Pursuant to a congressional request, GAO reviewed hospices that were not Medicare-certified, to determine: (1) the factors that influenced a hospice not to participate in Medicare; (2) whether the Health Care Financing Administration (HCFA) set reasonable prospective payment rates for hospices; (3) whether Congress could adopt additional standards to ensure that participating hospices provided quality care; and (4) whether HCFA and its intermediaries consistently administered the hospice benefit with program policies.

GAO found that: (1) enrollment in a Medicare hospice required certification that the patient was terminally ill and would die within 6 months; (2) a participating hospice must have a contract with an inpatient care facility that stipulates that hospice staff will assume care of a patient at that facility; (3) nonparticipating hospices believed that inpatient facility physicians would be reluctant to relinquish patient management to hospice physicians; (4) although some hospices believed that hospitals were reluctant to contract for patient care at the Medicare hospice inpatient rate, they seemed to have no problems in obtaining the contracts or in providing all inpatient services; (5) hospices had a payment cap of $9,010 times the number of enrolled patients, which some nonparticipating hospices thought could impose a financial risk, but HCFA data showed no instances where hospices reached the cap or filed claims that exceeded the cap; and (6) although some nonparticipating hospices had concerns that reimbursement was limited to no more than 20 percent of total care days as inpatient days, most hospices did not reach the 20-percent limit and did not believe that the limit had an adverse impact on their operations.

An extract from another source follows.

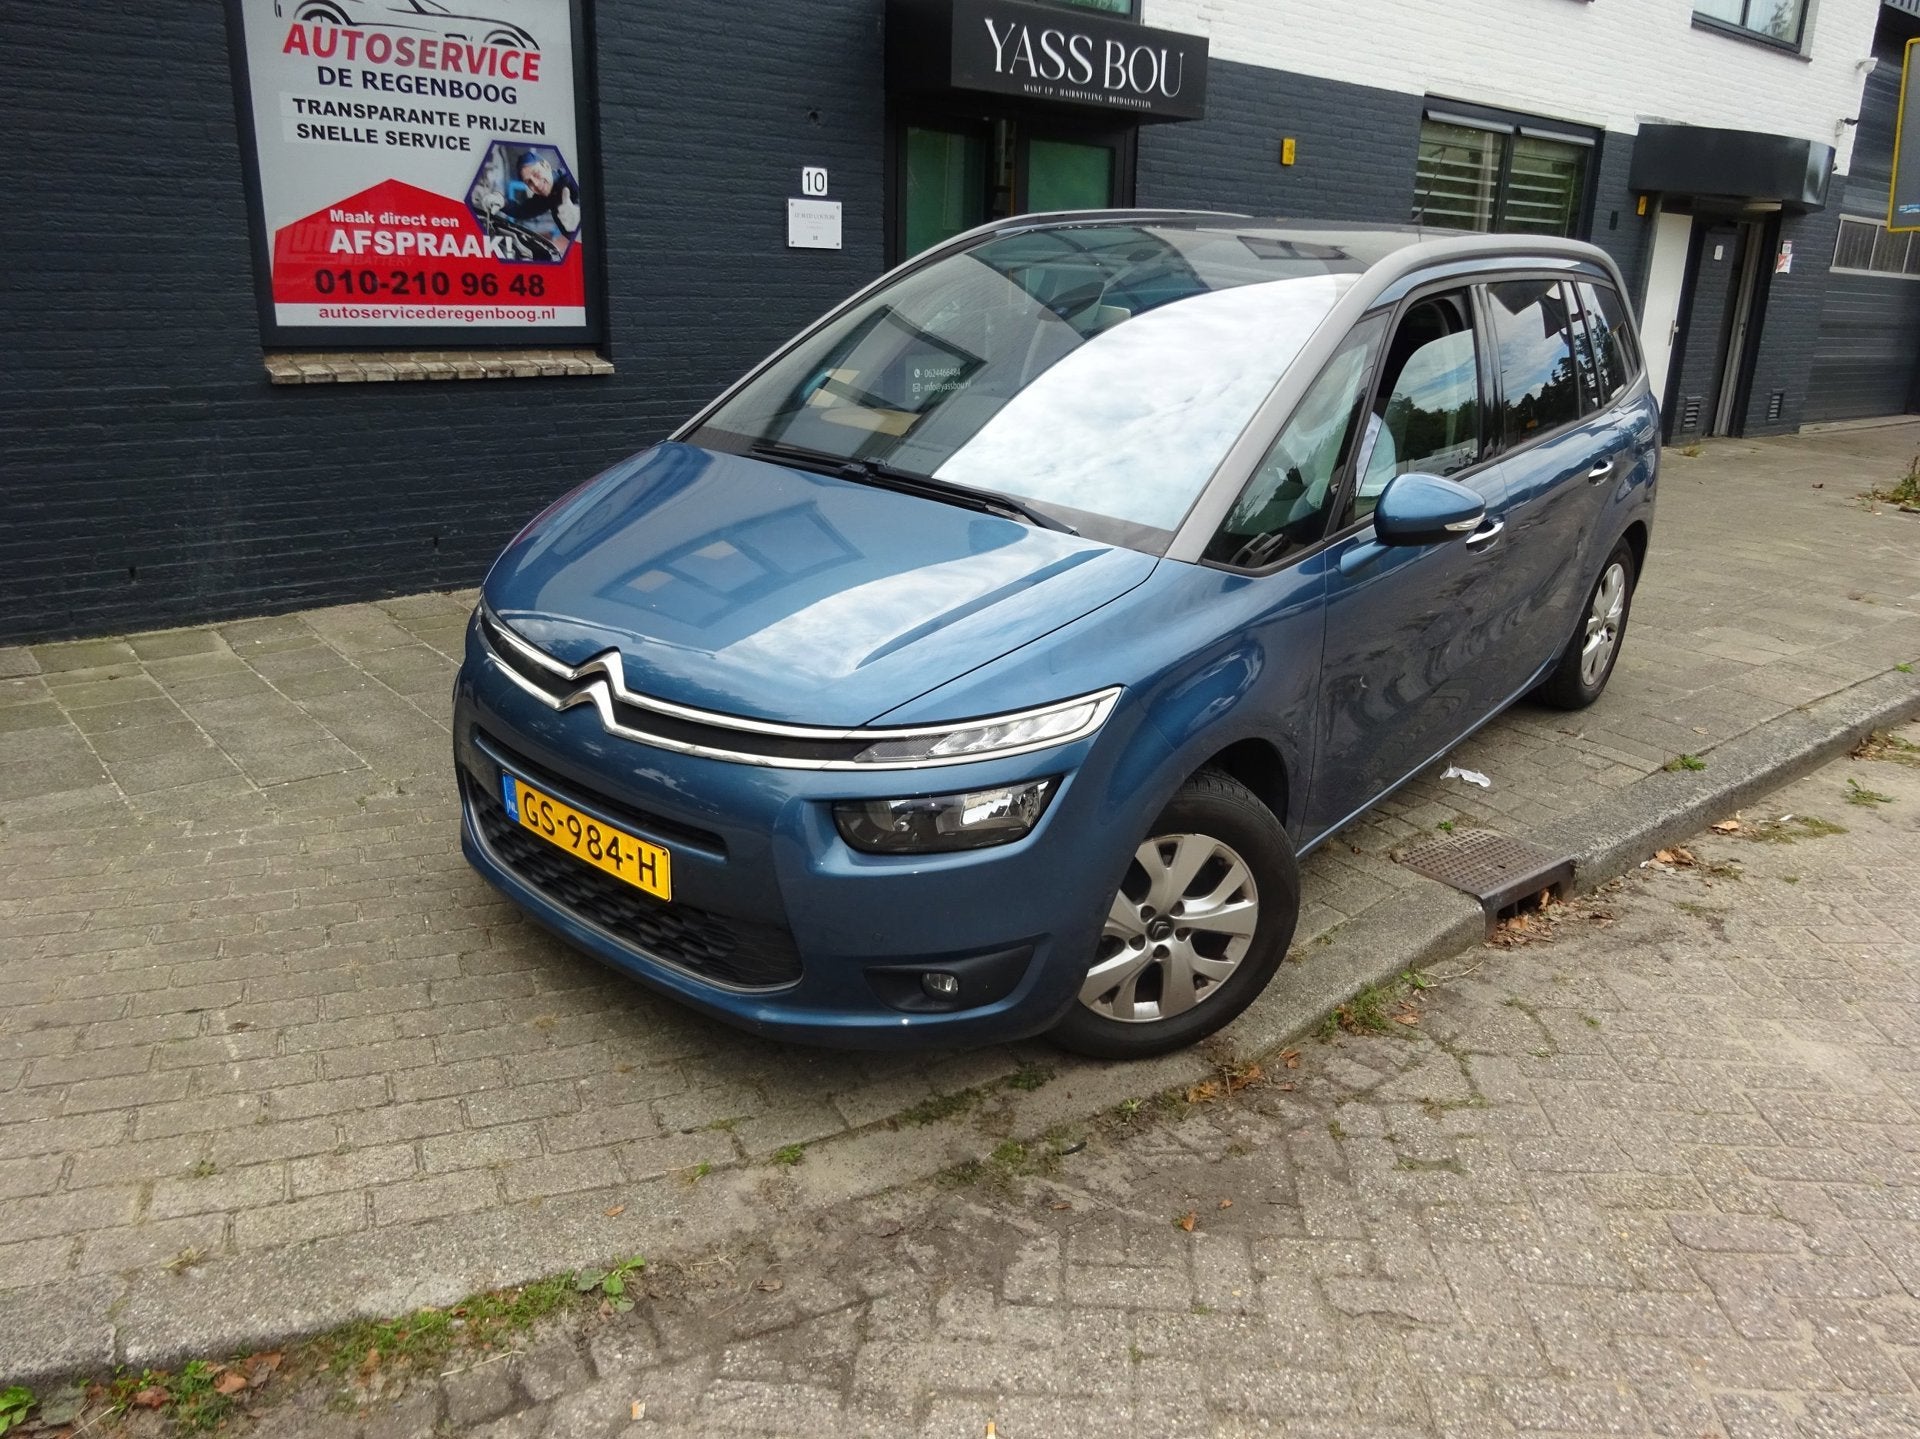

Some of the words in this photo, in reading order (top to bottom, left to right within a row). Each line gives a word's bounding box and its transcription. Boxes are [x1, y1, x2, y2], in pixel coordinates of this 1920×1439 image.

GAO also found that: (1) it could not determine the reasonableness of payment rates, since hospice cost data included incomplete and inaccurate data on labor hours, and understated overhead costs, parent-organization costs allocated to operations, and inpatient service costs; (2) the HCFA formula for calculating unit costs, which apportions overhead to cost centers according to square footage, is not always appropriate; and (3) although Medicare required home health agencies to train employees and protect patient rights, the requirements applied only to their affiliated hospices.